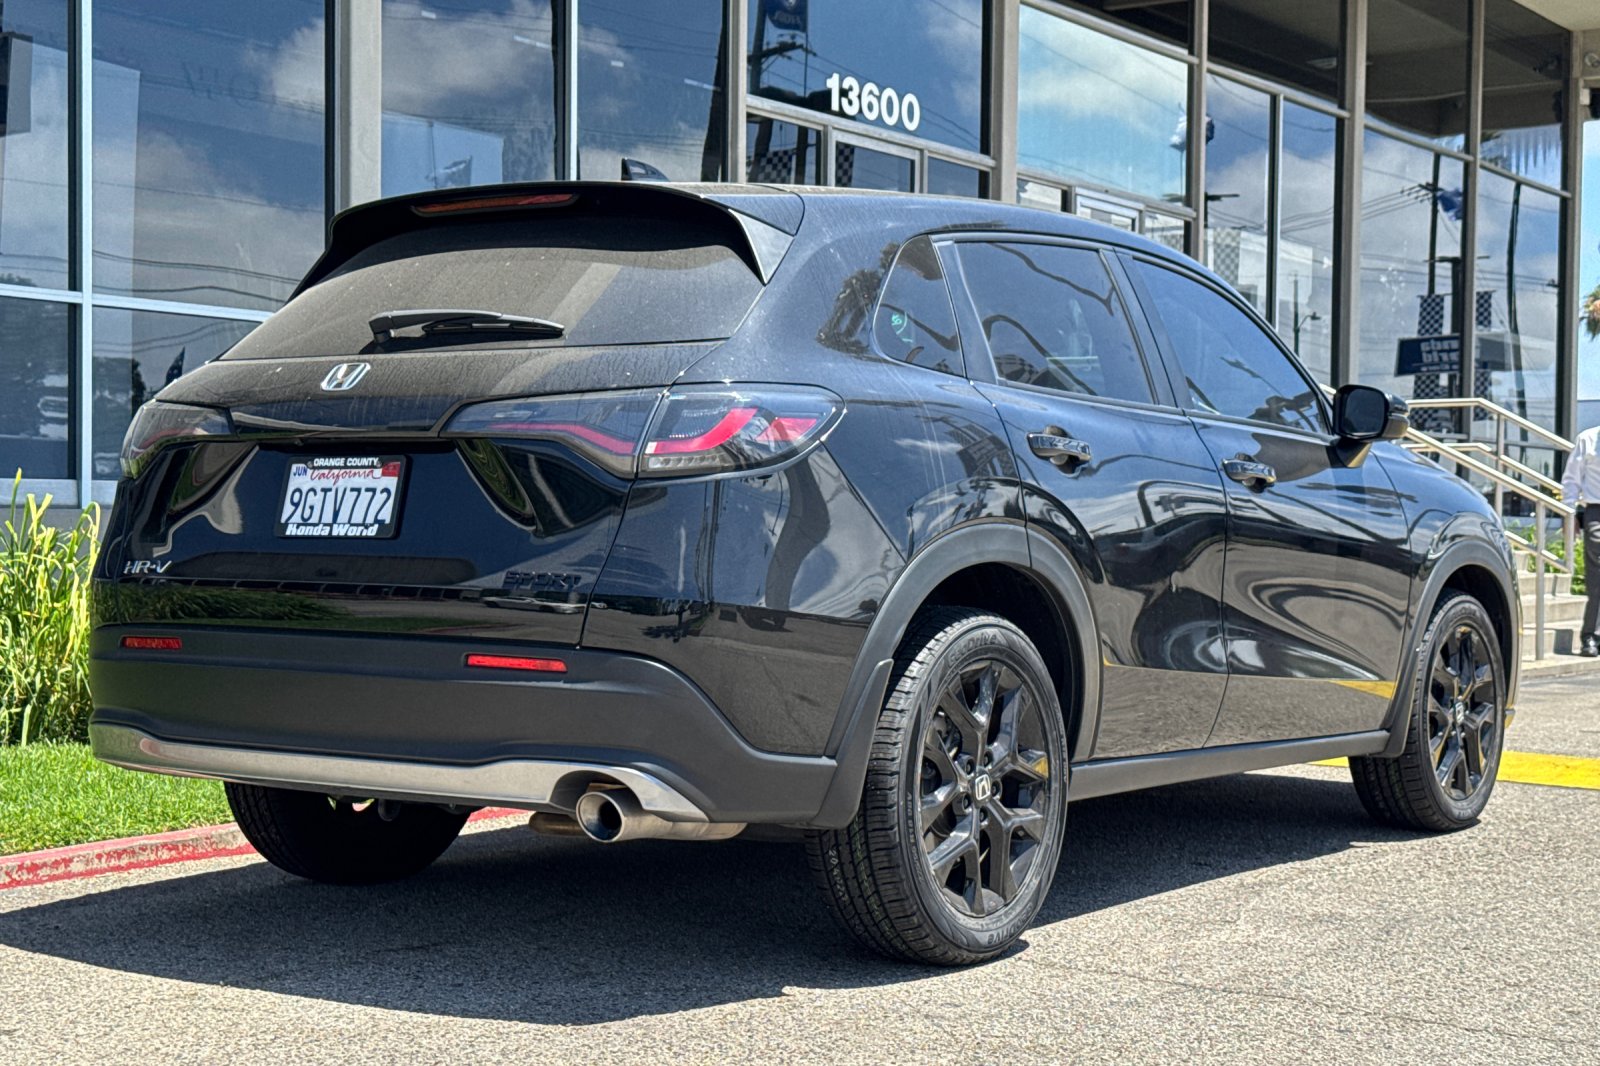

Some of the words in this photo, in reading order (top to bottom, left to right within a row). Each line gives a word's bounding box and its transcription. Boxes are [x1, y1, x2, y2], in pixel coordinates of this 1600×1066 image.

[826, 72, 920, 131] 13600
[313, 458, 345, 467] ORANGE
[346, 457, 379, 466] COUNTY
[292, 466, 308, 477] JUN
[310, 468, 382, 486] California
[285, 487, 392, 525] 9GTV772
[285, 523, 331, 536] Honda
[123, 560, 172, 574] HR-V
[502, 570, 582, 592] SPORT

* * *

Word for word, please reproduce each entry above and leave out every picture.

Some of the words in this photo, in reading order (top to bottom, left to right within a row). Each line gives a word's bounding box and its transcription. Boxes are [x1, y1, x2, y2], in pixel coordinates of this 1600×1066 image.

[826, 72, 920, 131] 13600
[313, 458, 345, 467] ORANGE
[346, 457, 379, 466] COUNTY
[292, 466, 308, 477] JUN
[310, 468, 382, 486] California
[285, 487, 392, 525] 9GTV772
[285, 523, 331, 536] Honda
[123, 560, 172, 574] HR-V
[502, 570, 582, 592] SPORT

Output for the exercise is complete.